ABOUT THIS TASK: Repeat, exactly and in full, the lines of the listing below, but without any pictures.
■ ■ ■ ■
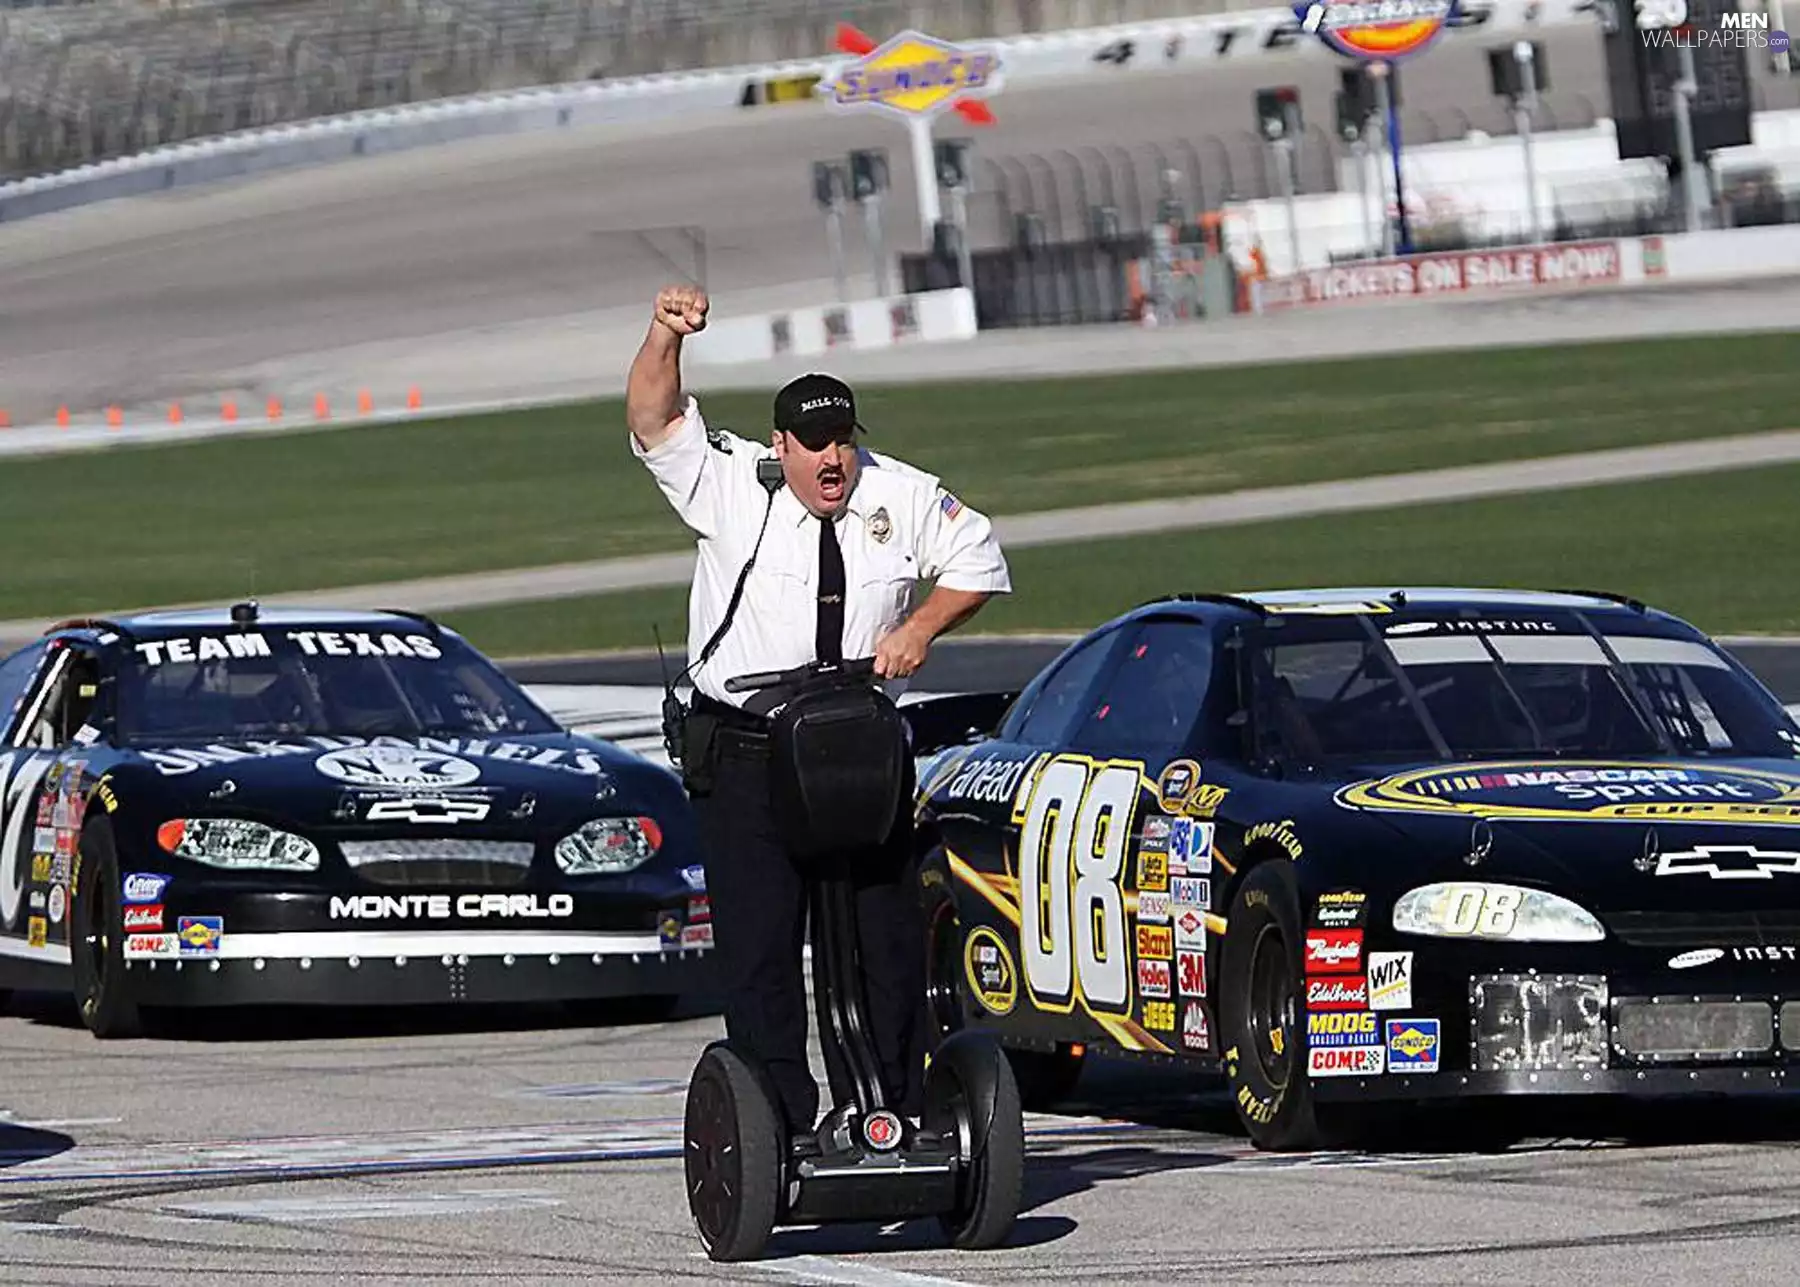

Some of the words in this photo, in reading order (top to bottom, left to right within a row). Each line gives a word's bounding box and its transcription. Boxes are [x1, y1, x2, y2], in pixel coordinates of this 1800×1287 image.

[1305, 262, 1414, 300] TICKETS
[1417, 257, 1462, 292] ON
[1464, 252, 1534, 288] SALE
[135, 632, 271, 667] TEAM
[286, 631, 442, 660] TEXAS
[947, 751, 1037, 803] ahead
[1503, 769, 1690, 788] NASCAR
[1554, 782, 1753, 802] Sprint
[1016, 756, 1143, 1014] 08
[329, 894, 451, 919] MONTE
[456, 893, 574, 917] CARLO
[1444, 885, 1525, 936] 08
[1178, 952, 1206, 995] 3M
[1370, 955, 1408, 989] WIX
[1308, 1012, 1377, 1035] MOOG
[1392, 1035, 1437, 1050] SUNOCO
[1311, 1050, 1366, 1070] COMP
■ ■ ■ ■
EXERCISE OUTPUT:
Some of the words in this photo, in reading order (top to bottom, left to right within a row). Each line gives a word's bounding box and its transcription. Boxes are [x1, y1, x2, y2], in pixel coordinates of this 1800×1287 image.

[1305, 262, 1414, 300] TICKETS
[1417, 257, 1462, 292] ON
[1464, 252, 1534, 288] SALE
[135, 632, 271, 667] TEAM
[286, 631, 442, 660] TEXAS
[947, 751, 1037, 803] ahead
[1503, 769, 1690, 788] NASCAR
[1554, 782, 1753, 802] Sprint
[1016, 756, 1143, 1014] 08
[329, 894, 451, 919] MONTE
[456, 893, 574, 917] CARLO
[1444, 885, 1525, 936] 08
[1178, 952, 1206, 995] 3M
[1370, 955, 1408, 989] WIX
[1308, 1012, 1377, 1035] MOOG
[1392, 1035, 1437, 1050] SUNOCO
[1311, 1050, 1366, 1070] COMP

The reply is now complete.